Carbon Monoxide, Asphyxiation Cause of Death for Three Individuals Who Died in Room 225 at Best Western in Boone

Published Monday, June 10, 2013 at 6:31 pm

By Jesse Wood

June 10, 2013. The cause of the three deaths and one hospitalization that occurred recently inside Room 225 of the Best Western in Boone is carbon monoxide, Boone Police Chief Dana Crawford officially announced at a late afternoon press conference Monday. 

On April 16, Daryl Dean Jenkins, 73, and Shirley Mae Jenkins, 72, both of Longview, Wash., were in Room 225 of the Best Western when both were found deceased within two feet of each other. 

Boone Police DepartmentMost recently on Saturday, an 11-year-old boy, Jeffrey Williams, was found dead, while his mother Jeannie Williams, 49, of Rock Hill, S.C., was transported to the Watauga Medical Center. Jeannie Williams is now in stable condition, according to Gillian Baker, a spokesperson for Appalachian Regional Healthcare System. 

Emergency personnel responded to the Best Western on Saturday at about 12:30 p.m. During that response, a presumptive test indicated an elevated level of carbon monoxide in the room, which is situated above a natural gas heater for the hotel’s swimming pool.

Watauga County Pathologist Dr. Brent Hall reported that Jeffrey Williams was autopsied on June 9, and preliminary indications are that he died from asphyxia, according to Crawford. Results are pending for toxicology samples that have been sent to the N.C. Office of Chief Medical Examiner.

As for Daryl and Shirley Jenkins, Hall noted to investigators that his office performed autopsies on April 17 and 18. Results to determine the cause of the couple’s death were inconclusive at the time, and samples were sent to N.C. Office of Chief Medical Examiner.

After another death nearly two months later, the analysis from the toxicology samples of the Jenkinses finally arrived and were received in the past 24 hours, Crawford noted at the press conference. The cause of death was determined to be carbon monoxide toxicity.

Hotels in the state aren’t required to have carbon monoxide alarms.

Crawford said that the investigation for the Jenkins’ case was still open prior to the death of the 11-year-old boy.

“Inquiries were made to the office of the state medical examiner on May 29 to request those toxicological results from the Jenkins’ case,” Crawford said. “[At that time] we were told that those results were not ready.”

Thee Best Western was ordered by the Watauga County Health Department to correct its ventilation system immediately – prior to the death of the 11-year-old boy and prior to the death of the older couple.

According to a Watauga County Health Department’s inspection of the pool performed on March 6, the “Chemical/Equipment room is required to have natural cross ventilation or forced air ventilation. This needs to be corrected ASAP. Consult inspector prior to making any installations.”

It’s unclear if this ventilation problem contributed to the elevated levels of carbon monoxide found in the hotel room.

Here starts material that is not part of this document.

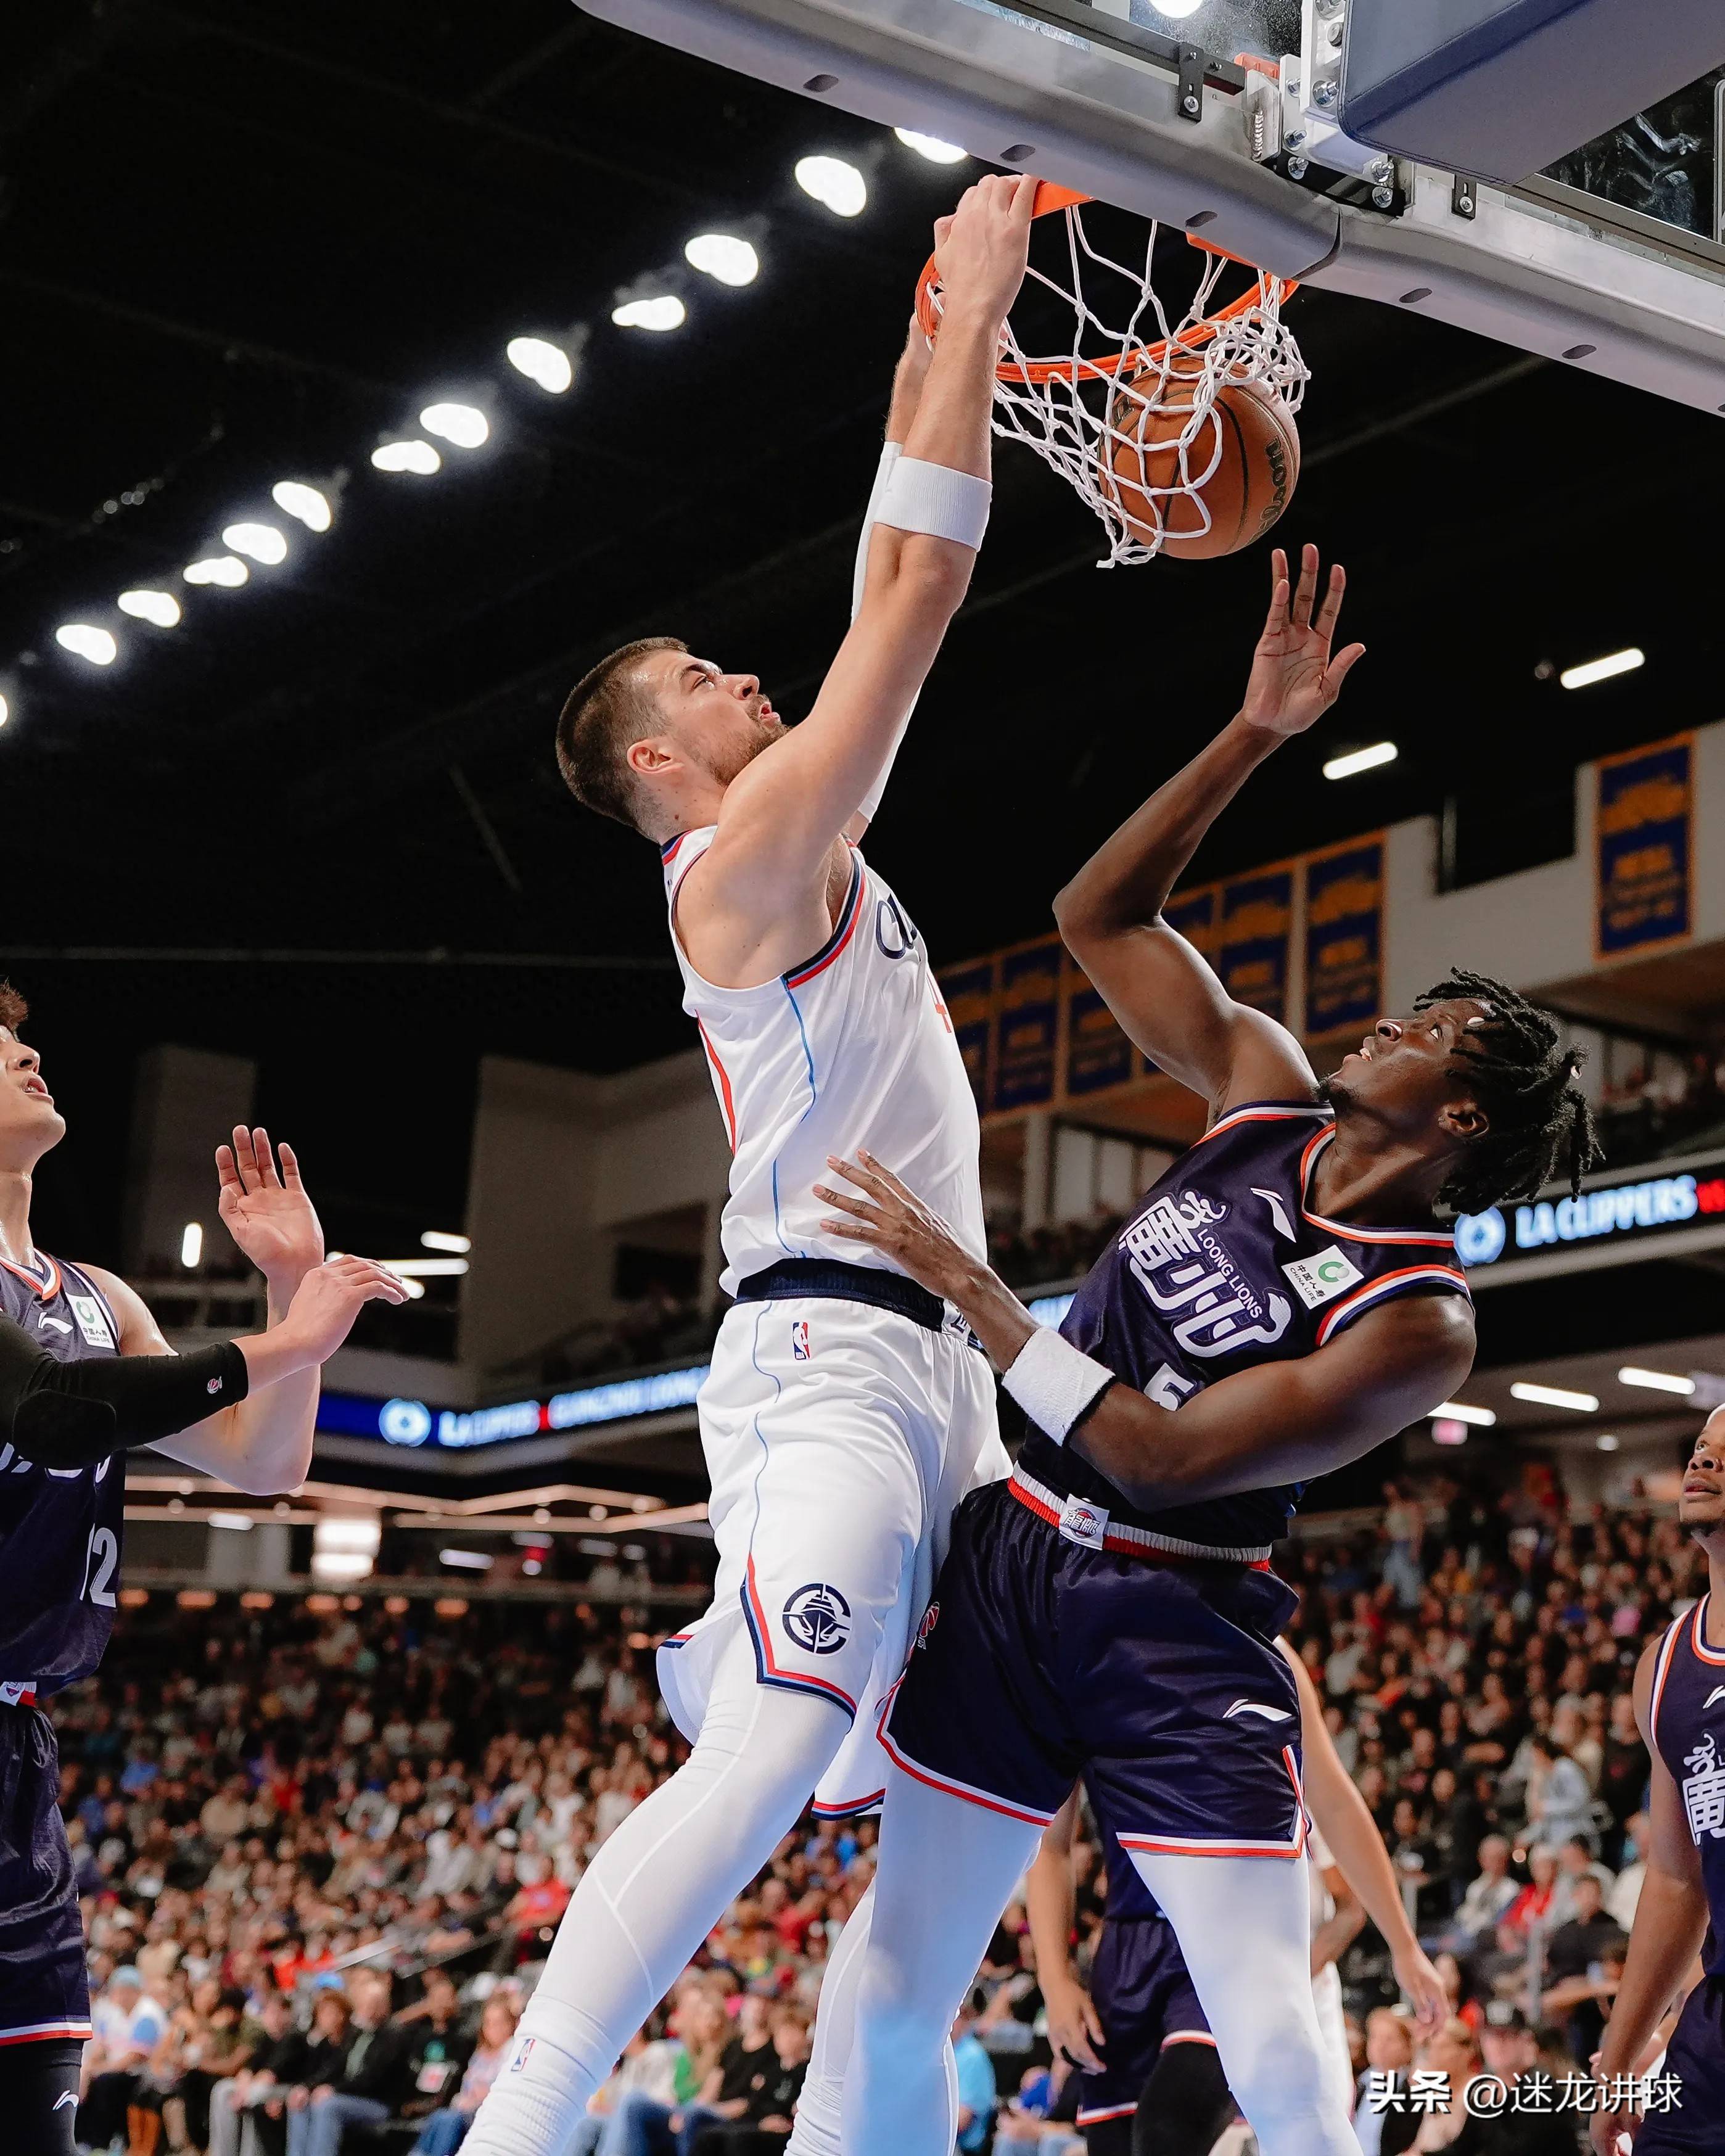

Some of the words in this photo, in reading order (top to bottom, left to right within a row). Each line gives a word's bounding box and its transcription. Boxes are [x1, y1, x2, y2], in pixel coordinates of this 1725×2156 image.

[1197, 1229, 1233, 1277] LOONG
[1229, 1275, 1262, 1319] LIONS
[1290, 1267, 1304, 1286] CHINA
[1304, 1287, 1317, 1302] LIFE

“Does anyone know if that was corrected?” asked a reporter at the press conference. 

Crawford and Isaacs said they were unaware of any reports or prior inspections involving the health department ordering the Best Western to correct the problem and deferred those questions to the Appalachian District Health Department, which has assisted local authorities in the current investigation. The health department sent out a release noting that it was assisting in the investigation. However, that release contained no information about a prior inspection or violation notice and representatives for the health department weren’t present at the press conference.

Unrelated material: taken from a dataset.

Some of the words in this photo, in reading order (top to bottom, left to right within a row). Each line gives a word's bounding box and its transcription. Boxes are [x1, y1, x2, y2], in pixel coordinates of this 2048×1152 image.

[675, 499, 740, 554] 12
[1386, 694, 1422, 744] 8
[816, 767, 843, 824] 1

Calls to a cell phone of a spokesperson for the Appalachian District Health Department were not returned Monday afternoon and the health department’s offices were closed after the press conference with Crawford and Boone Fire Chief Jimmy Isaacs ended.

The Best Western remains closed and under control of the investigators. Management of the Best Western has declined to comment to the press since Saturday afternoon.

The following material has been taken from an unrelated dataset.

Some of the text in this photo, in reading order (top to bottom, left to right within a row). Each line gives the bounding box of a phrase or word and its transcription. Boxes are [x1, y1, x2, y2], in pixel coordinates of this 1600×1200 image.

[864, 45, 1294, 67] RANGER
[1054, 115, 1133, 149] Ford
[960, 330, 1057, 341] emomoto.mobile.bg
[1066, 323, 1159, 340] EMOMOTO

In the course of the investigations, the N.C. Emergency Management, N.C. Public Health Preparedness and Response Branch, and Regional Response Team 6 out of Asheville have also assisted local investigators in the police, fire and rescue fields.

On Wednesday, the N.C. State Board of Examiners of Plumbing, Heating and Fire Sprinkler Contractors will assist in the investigation as well.

Doug Jenkins of Olympia said his parents were vacationing in Boone at the time of their death in April.

Efforts to contact Doug Jenkins were unsuccessful, however the Charlotte Observer reported that Jenkins was outraged that the Best Western, which is located across from New Market Center on the hill, continued to rent out the room even though toxicology reports hadn’t yet came through.

“Do you know how mad I am right now?” Jenkins asked. “Why are they still renting out this room?”

He told the Charlotte paper that family members traveling with the elderly couple found them lying two feet from each other with a cellphone nearby. He also said that a lawyer representing the Washington state family told the Best Western Plus in May “not to make any changes to the room before the family could perform an independent investigation.”

“Things just don’t add up,” Jenkins said, adding that his family is working with a lawyer but would wait to file a lawsuit until the toxicology reports come back.